Despite these issues, there have been a relatively small number of randomized, controlled, though not truly double-blinded, clinical trials of both psilocybin and LSD. The studies that have been carried out more recently address a variety of disorders, with little reproduction among them in the set and setting for applying the psychedelics. This makes definitive conclusions regarding efficacy and safety of the drugs hard to come by yet. But there are some encouraging results, which we summarize below.

Figure V.2 summarizes the controlled clinical trials of psilocybin that have been completed this century, as of March 2021. The table uses data from the following sources: Carhart-Harris and Goodwin, Neuropsychopharmacology 42, 2105 (2017); Nutt, Dialogues in Clinical Neuroscience 21, 139 (2019); Mithoefer, Grob, and Brewerton, Lancet Psychiatry 3, 481 (2016); and Reiff, et al., American Journal of Psychiatry 177, 391 (2020). Note that most trials completed to date involve sample sizes of no more than about 20 subjects. The trials of treatments for cancer-driven anxiety and depression are designated in Fig. V.2 as “double-blind,” but what those studies used for placebos were often just very low doses of psilocybin, which might induce very mild hallucinogenic effects, but which still would be easily distinguishable from the larger therapeutic doses by both patients and administrators. Thus, those studies do not really meet the strict definition of a double-blind trial.

Figure V.2. A table summarizing controlled clinical studies of psilocybin-based therapies for a variety of psychological disorders, as of March 2021.

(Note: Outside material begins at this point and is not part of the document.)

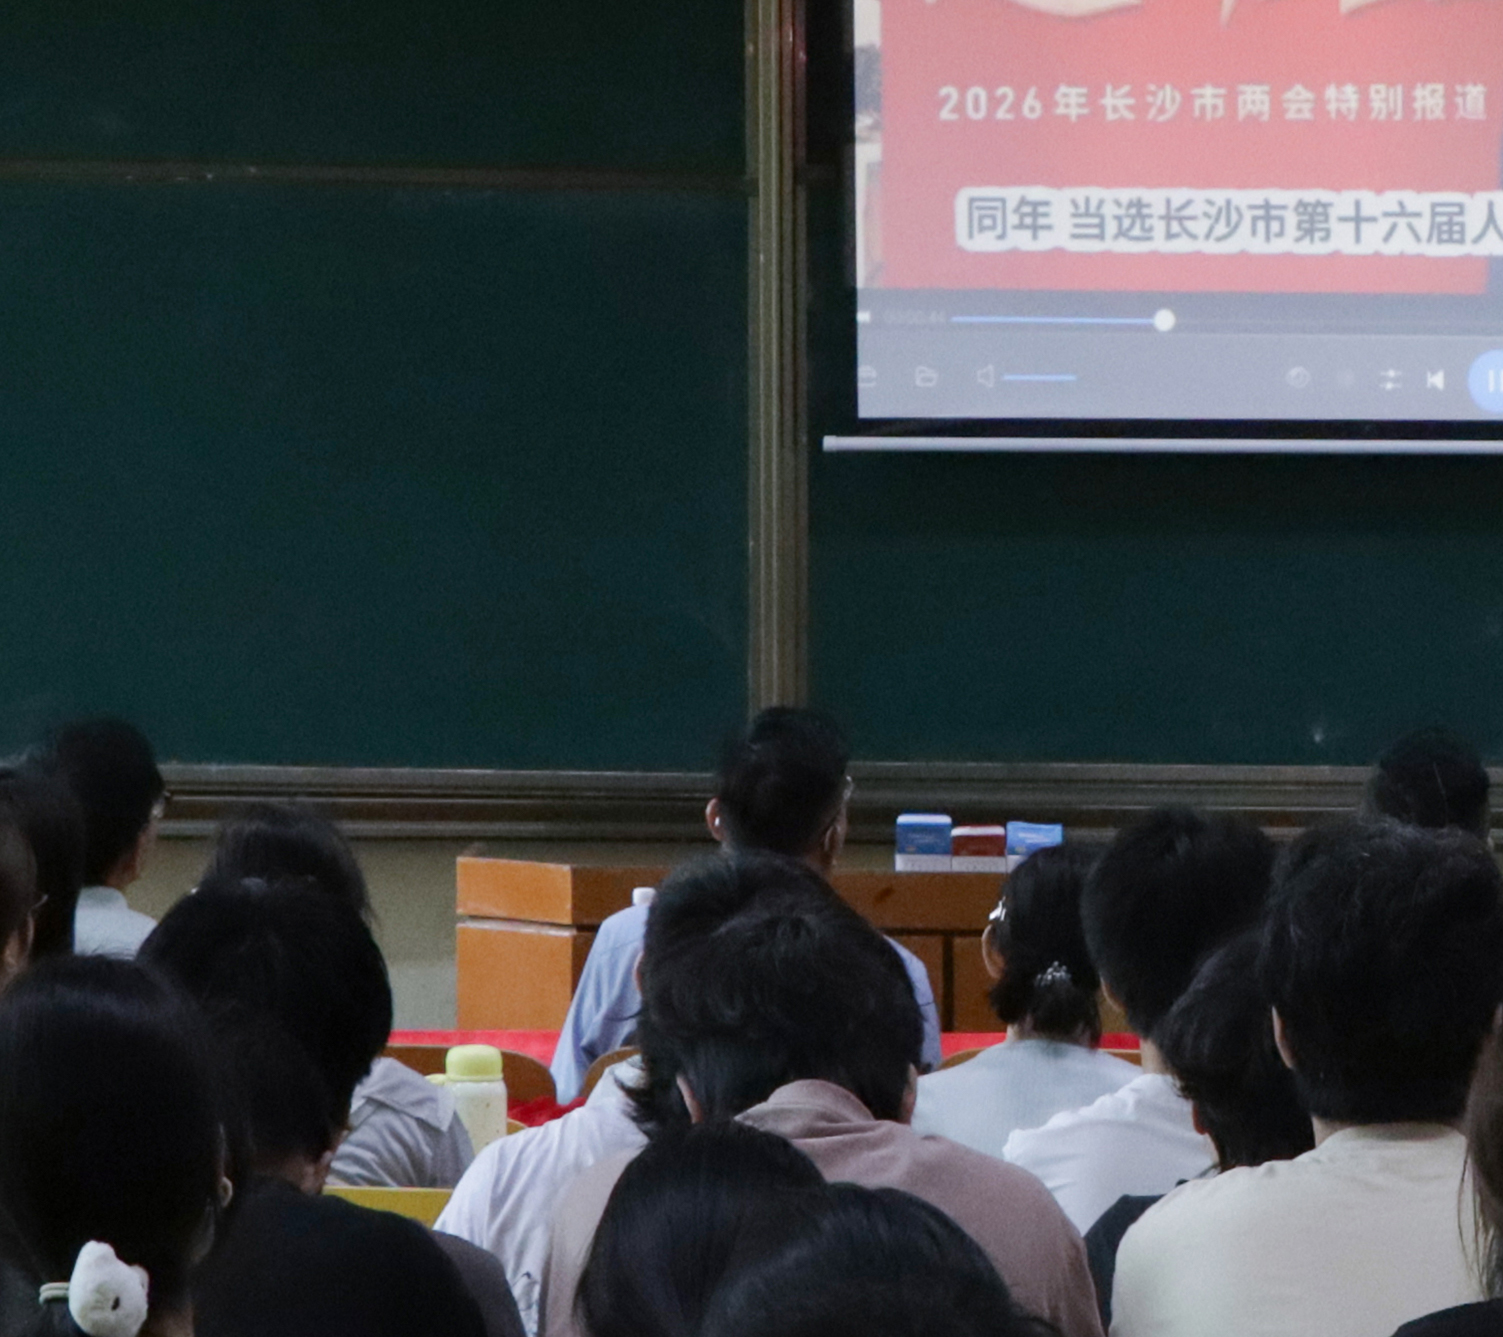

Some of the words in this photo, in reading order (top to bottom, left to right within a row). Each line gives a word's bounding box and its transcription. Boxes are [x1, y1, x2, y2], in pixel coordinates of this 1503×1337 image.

Psilocybin usage for treatment-resistant depression (TRD) has been pioneered by the Beckley Foundation/Imperial College research program led by Amanda Feilding and David Nutt. Psilocybin has by now been delivered orally to 20 patients who had been suffering from moderate to severe depression for an average of 18 years, each of whom had previously tried at least two other treatment methods without success. Each patient received two doses of psilocybin, first 10 then 25 mg, 7 days apart, accompanied by psychological support before, during and after each session. Symptoms were then periodically tested via the Quick Inventory of Depressive Symptomatology (QIDS). All showed some improvement, with maximal reduction in symptoms within 5 weeks after the larger dose (see Fig. V.3). The magnitude of the improvement was strongly correlated with the subject-reported quality of the acute psychedelic experience. Some improvement persisted even 3 months after treatment. The drug was well tolerated by all participants, and none sought conventional antidepressant treatment within 5 weeks of the second psilocybin dose.

Psychologist Alison Gopnik described the condition of these patients as one involving “an excessively narrow ego-based focus.  You get stuck on the same thing, you can’t escape, you become obsessive.” She felt that exposure to psychedelics had the potential to “create an opportunity in which the old stories of who we are might be rewritten.”  Gopnik used the term “brain reboot” to describe this process.  Carhart-Harris prefers the more technical term of “neural plasticity.”

Figure V.3. Average depression severity ratings among 20 patients treated for treatment-resistant depression with two doses of psilocybin in the Beckley Foundation/Imperial College research program. The depression severity ratings represent scores on the Quick Inventory of Depressive Symptomatology (QIDS), where scores above 5 but below 10 are classified as mild clinical depression. The baseline score prior to treatment is compared with those taken at intervals following delivery of the second, larger psilocybin dose.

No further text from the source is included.